Source data
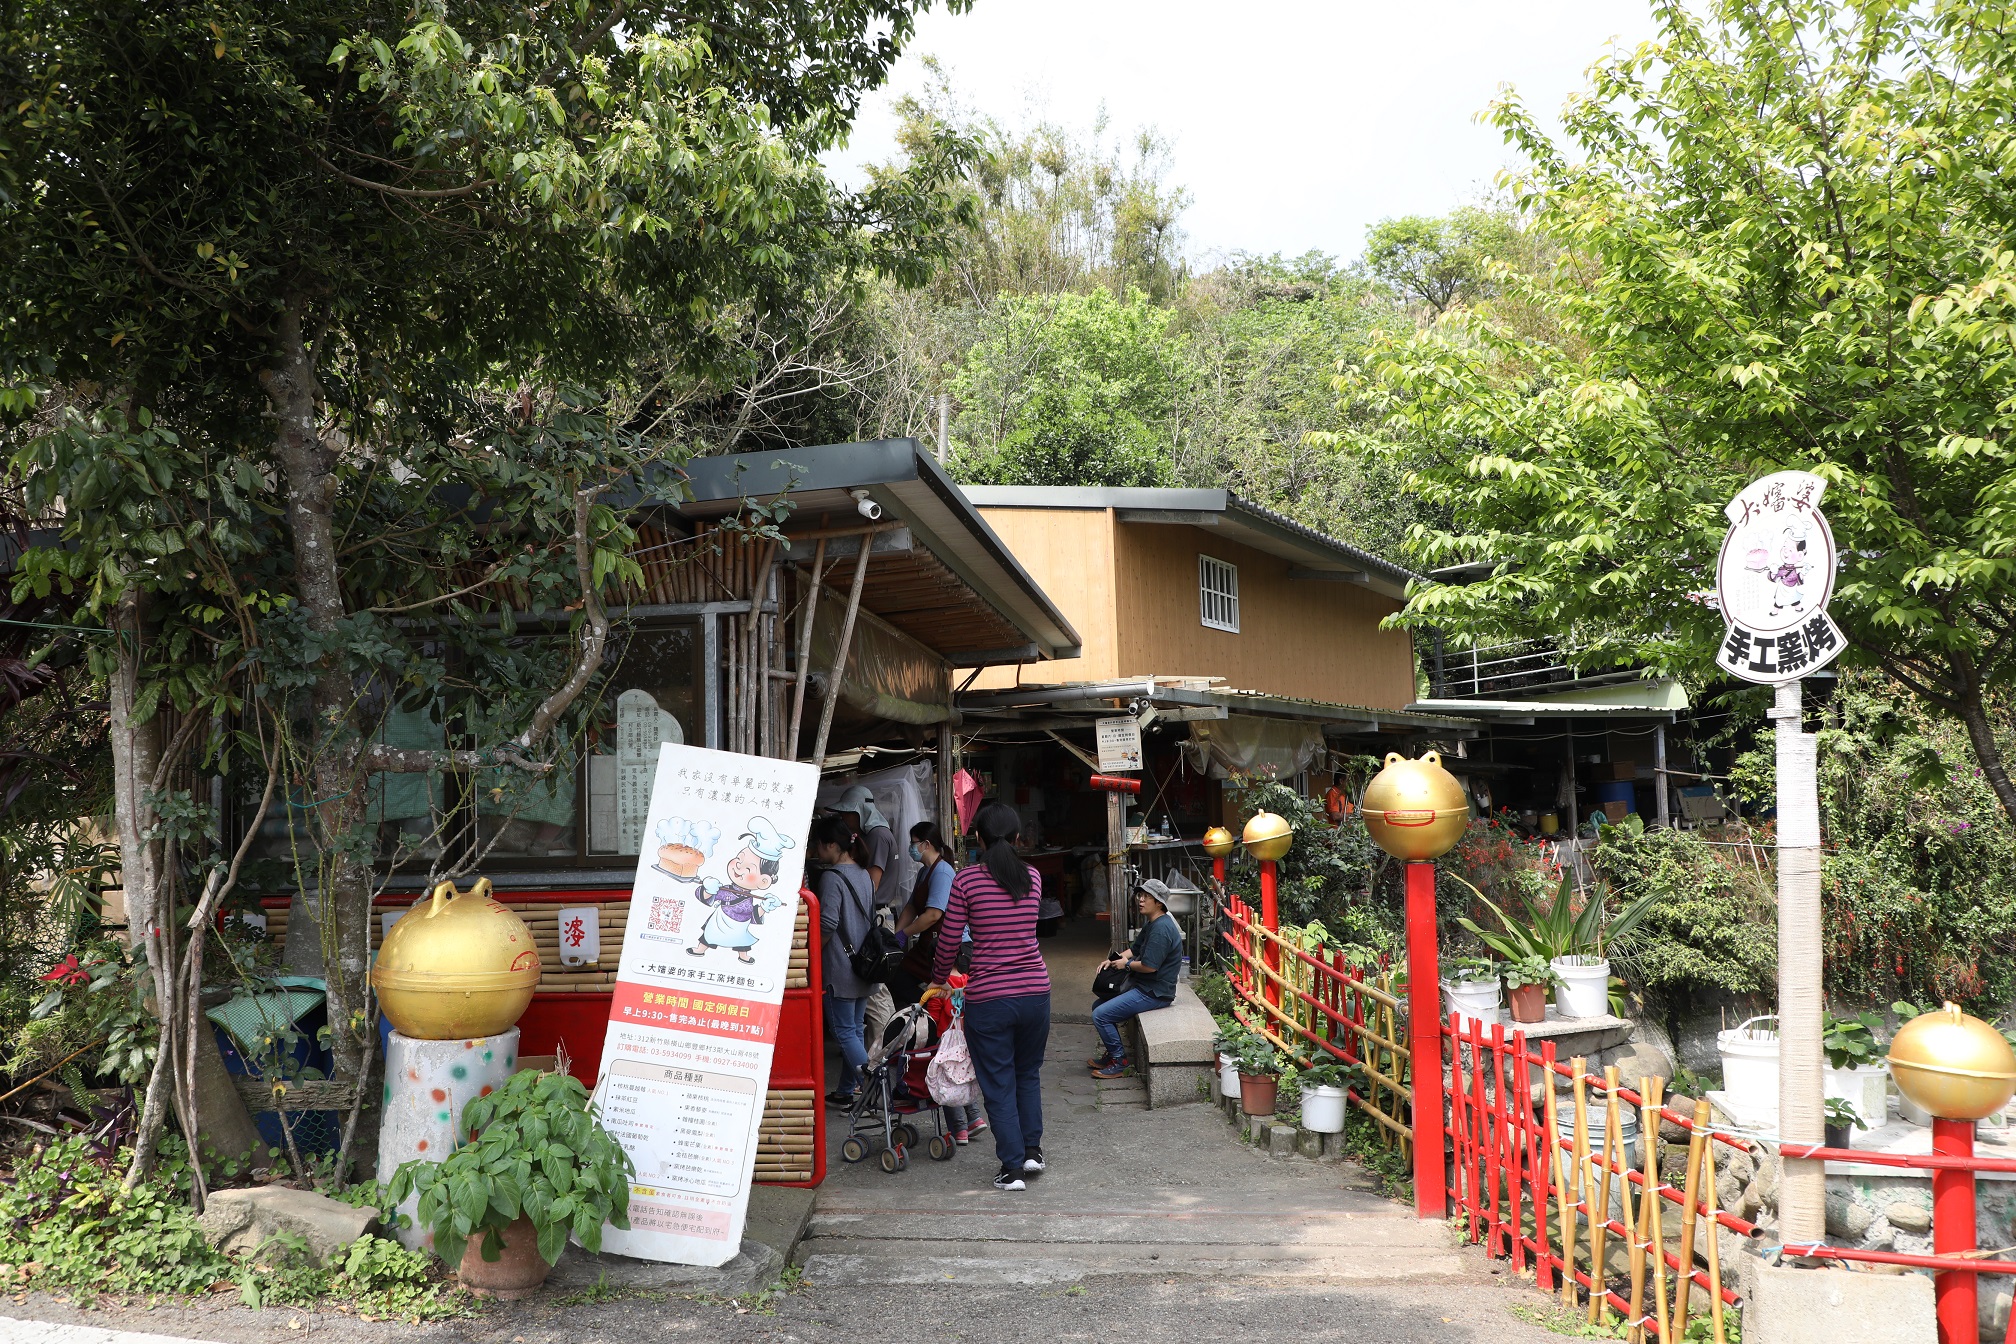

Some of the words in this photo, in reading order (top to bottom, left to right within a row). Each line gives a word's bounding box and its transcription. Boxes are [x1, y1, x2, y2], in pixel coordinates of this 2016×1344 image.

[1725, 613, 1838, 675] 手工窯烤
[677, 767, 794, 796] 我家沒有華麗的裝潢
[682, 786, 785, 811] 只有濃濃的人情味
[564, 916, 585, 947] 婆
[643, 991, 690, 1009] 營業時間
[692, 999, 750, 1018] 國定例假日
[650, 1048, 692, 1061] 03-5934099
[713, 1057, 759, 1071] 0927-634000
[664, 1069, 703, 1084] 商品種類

• Your assignment
Give all the lines above again, character for character, without pictures.

• Result
Some of the words in this photo, in reading order (top to bottom, left to right within a row). Each line gives a word's bounding box and its transcription. Boxes are [x1, y1, x2, y2], in pixel coordinates of this 2016×1344 image.

[1725, 613, 1838, 675] 手工窯烤
[677, 767, 794, 796] 我家沒有華麗的裝潢
[682, 786, 785, 811] 只有濃濃的人情味
[564, 916, 585, 947] 婆
[643, 991, 690, 1009] 營業時間
[692, 999, 750, 1018] 國定例假日
[650, 1048, 692, 1061] 03-5934099
[713, 1057, 759, 1071] 0927-634000
[664, 1069, 703, 1084] 商品種類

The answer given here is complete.